N° RG 22/00065 - N° Portalis DBV2-V-B7G-I7EW

COUR D'APPEL DE ROUEN

CHAMBRE SOCIALE ET DES AFFAIRES DE

SECURITE SOCIALE

ARRET DU 21 DECEMBRE 2023

DÉCISION DÉFÉRÉE :

Jugement du CONSEIL DE PRUD'HOMMES DU HAVRE du 10 Décembre 2021

APPELANTE :

Madame [P] [Z]

[Adresse 2]

[Localité 3]

représentée par Me Saliha LARIBI, avocat au barreau de DIEPPE

INTIMEE :

S.C.P. DE CHIRURGIENS DENTISTES SOPHIE DELERIS ET PIERRE- YVES DELERIS

[Adresse 1]

[Localité 3]

représentée par Me Céline BART de la SELARL EMMANUELLE BOURDON-CÉLINE BART AVOCATS ASSOCIÉS, avocat au barreau de ROUEN substituée par Me Delphine DREZET, avocat au barreau du HAVRE

COMPOSITION DE LA COUR  :

En application des dispositions de l'article 805 du Code de procédure civile, l'affaire a été plaidée et débattue à l'audience du 09 Novembre 2023 sans opposition des parties devant Madame POUGET, Conseillère, magistrat chargé du rapport.

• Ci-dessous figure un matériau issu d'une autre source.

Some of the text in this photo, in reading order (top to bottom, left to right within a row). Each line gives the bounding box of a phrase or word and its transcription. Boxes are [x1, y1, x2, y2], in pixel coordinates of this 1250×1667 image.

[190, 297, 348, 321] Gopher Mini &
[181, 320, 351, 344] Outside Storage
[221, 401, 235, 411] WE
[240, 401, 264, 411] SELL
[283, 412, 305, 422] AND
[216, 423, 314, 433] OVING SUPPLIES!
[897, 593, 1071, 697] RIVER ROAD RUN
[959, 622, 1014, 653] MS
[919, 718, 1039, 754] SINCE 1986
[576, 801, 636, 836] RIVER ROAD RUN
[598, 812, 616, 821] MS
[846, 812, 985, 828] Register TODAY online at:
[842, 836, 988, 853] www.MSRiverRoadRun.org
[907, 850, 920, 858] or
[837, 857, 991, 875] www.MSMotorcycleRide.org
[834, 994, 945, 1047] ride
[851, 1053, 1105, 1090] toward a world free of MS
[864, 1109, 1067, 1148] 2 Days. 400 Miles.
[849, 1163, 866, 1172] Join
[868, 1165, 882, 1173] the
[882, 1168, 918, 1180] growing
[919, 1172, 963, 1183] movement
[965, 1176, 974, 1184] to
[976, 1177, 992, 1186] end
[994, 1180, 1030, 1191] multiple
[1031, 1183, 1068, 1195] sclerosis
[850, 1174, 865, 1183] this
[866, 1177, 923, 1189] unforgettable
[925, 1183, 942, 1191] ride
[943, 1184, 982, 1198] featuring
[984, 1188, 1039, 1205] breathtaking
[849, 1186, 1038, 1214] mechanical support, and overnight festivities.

Le magistrat rapporteur a rendu compte des plaidoiries dans le délibéré de la Cour composée de :

Madame BIDEAULT, Présidente

Madame ALVARADE, Présidente

Madame POUGET, Conseillère

GREFFIER LORS DES DEBATS :

Mme WERNER, Greffière

DEBATS :

A l'audience publique du 09 novembre 2023, où l'affaire a été mise en délibéré au 21 décembre 2023

ARRET :

CONTRADICTOIRE

Prononcé le 21 Décembre 2023, par mise à disposition de l'arrêt au greffe de la Cour, les parties en ayant été préalablement avisées dans les conditions prévues au deuxième alinéa de l'article 450 du Code de procédure civile,

signé par Madame BIDEAULT, Présidente et par Mme WERNER, Greffière.

EXPOSÉ DU LITIGE

Le 20 mai 2015, Mme [P] [Z] (la salariée) a été engagée en qualité d'assistante dentaire stagiaire par la SCP de chirurgiens-dentistes Sophie et Pierre-Yves Deleris (la société), selon contrat à durée indéterminée à temps plein soumis à la convention collective nationale des cabinets dentaires.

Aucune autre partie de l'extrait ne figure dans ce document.